When you say he won't pay childcare does he mean he won't pay it while you're a SAHM or would he pay if you went back to work full time?

TrippTover · 05/12/2024 16:59

Ghdppp1 · 05/12/2024 13:56

Also I just wanted to add because I get accused of drip feeding. I do everything at home. Cooking, cleaning, childcare. He refuses to pay for childcare - he says he cannot afford it.

Shared finances and equal access. DH should want the best for his wife and his children. That equals the best for him too in turn, if the people he is living with are happy and able to buy what they need.

Shinyandnew1 · 05/12/2024 17:03

I wouldn’t be a stay at home mum without a shared bank account.

I suggest you go back to work full time and share all cooking/cleaning and childcare expenses with your husband. He sounds rather tight and not someone I would want to rely on to share his pension with me in the future!

Nellodee · 05/12/2024 17:13

Yet again, some arse hole man totally fails to appreciate the unpaid labour and salary sacrifice of the mother of their children.

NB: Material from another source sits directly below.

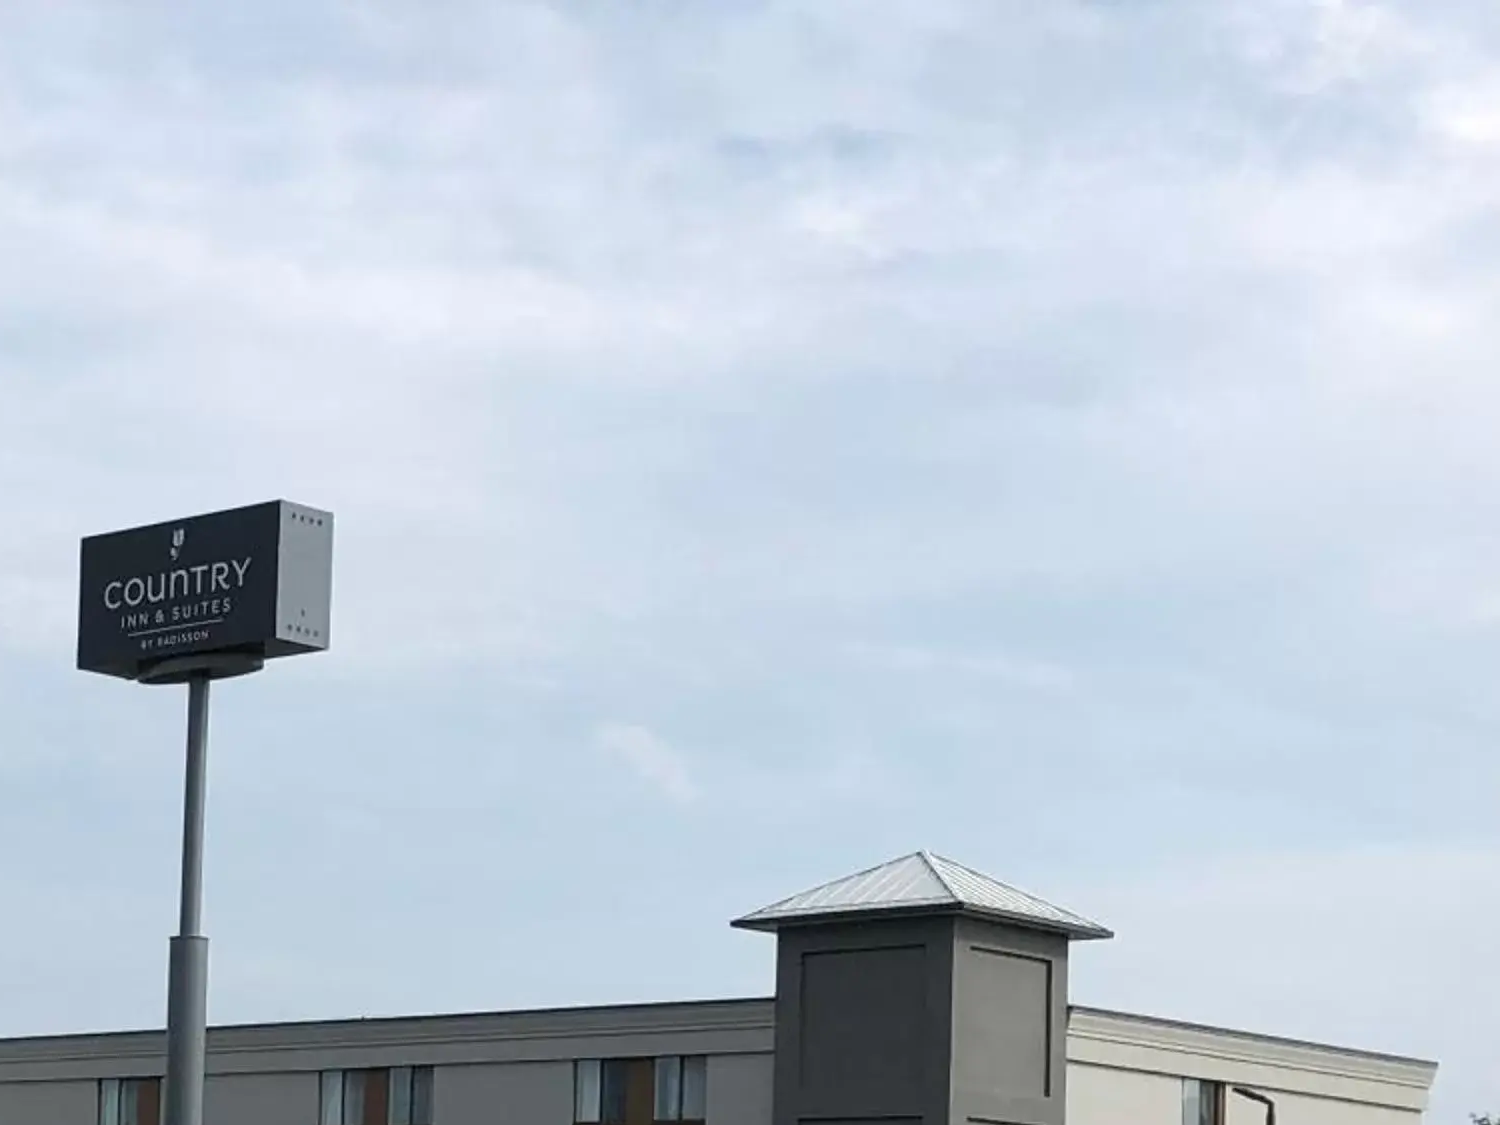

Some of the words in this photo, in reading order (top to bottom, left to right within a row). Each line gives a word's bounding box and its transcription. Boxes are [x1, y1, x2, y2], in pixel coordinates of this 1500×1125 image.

redskydarknight · 05/12/2024 17:23

Ghdppp1 · 05/12/2024 13:56

Also I just wanted to add because I get accused of drip feeding. I do everything at home. Cooking, cleaning, childcare. He refuses to pay for childcare - he says he cannot afford it.

So who looks after your younger children when you are working? is this childcare you have to pay for?

Tiswa · 05/12/2024 17:23

By communicating better and working together - you need oversight on what money there is and he needs to respect your role and what money you need

Snoken · 05/12/2024 17:33

Nellodee · 05/12/2024 17:13

Yet again, some arse hole man totally fails to appreciate the unpaid labour and salary sacrifice of the mother of their children.

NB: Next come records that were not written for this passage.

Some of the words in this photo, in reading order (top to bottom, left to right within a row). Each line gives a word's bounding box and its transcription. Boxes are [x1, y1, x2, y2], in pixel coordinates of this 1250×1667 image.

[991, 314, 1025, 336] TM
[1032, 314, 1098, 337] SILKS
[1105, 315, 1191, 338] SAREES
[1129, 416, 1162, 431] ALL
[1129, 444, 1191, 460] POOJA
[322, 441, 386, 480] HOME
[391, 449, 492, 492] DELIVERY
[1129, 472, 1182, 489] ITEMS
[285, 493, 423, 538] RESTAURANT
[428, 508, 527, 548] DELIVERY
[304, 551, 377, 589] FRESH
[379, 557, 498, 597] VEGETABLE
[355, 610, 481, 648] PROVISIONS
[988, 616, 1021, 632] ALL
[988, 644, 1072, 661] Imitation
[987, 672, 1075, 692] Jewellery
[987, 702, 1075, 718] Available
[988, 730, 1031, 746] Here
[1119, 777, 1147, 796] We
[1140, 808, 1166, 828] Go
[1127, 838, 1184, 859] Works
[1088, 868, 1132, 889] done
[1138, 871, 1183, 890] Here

It’s possible that this is the case but it could also be that OP giving up her paid job wasn’t a joint decision and there simply isn’t money in the bank account to spend more than they are at the moment. Either way, OP should have access to family funds too.

historyrepeatz · 05/12/2024 17:34

There needs to be transparency. He does sound a bit clueless and people are going to say he's tight or abusive. He is tight and possibly abusive if he has savings piling up or more disposable income than you. Is he a high earner that he should be able to afford all household costs and childcare?

What are all the expenses. What's wrong with both of you working and pooling all income, paying all expenses (including childcare,things for children, family savings) from the pooled income and then having equal amounts left over for you and him and enough for the needs of the children? Would you get more from him if you left and were receiving child maintenance?

mewkins · 05/12/2024 17:38

Snoken · 05/12/2024 15:10

I think you really need to sit down and make a plan for the future, it sounds like you are sinking the way things are and those kids will only get more expensive.

You have gone from a family of three with two incomes to a family of 5 with one income, what was the original plan to manage that? I couldn't run a household of 5 on my income alone and be in any way comfortable either so I can also understand the stress your husband is under. Having said that, by refusing to use childcare he's making things unnecessarily difficult. Most families rely on two incomes these days and use childcare.

I agree. While it's not right that you are struggling I think the reality is that you can't afford not to work. Do some research first about day nurseries, free hours etc and present that to him eg. The cost of childcare will be xx and I can earn xx.

The childcare cost will also decrease over the next few years.

I suspect that plan made about you staying at home was based on his recollection of how cheap your one older dd was (with free childcare from grandparents) rather than based on the reality of now.

If he refuses to engage then you'd probably be better off going it along, sadly.

Saturdayssandwichsociety · 05/12/2024 17:38

What about child benefit OP that should be over £40 extra?
How much do you earn yourself on top of the £350 he is sending?
Tbh if things are so tight financially is it time to consider working more?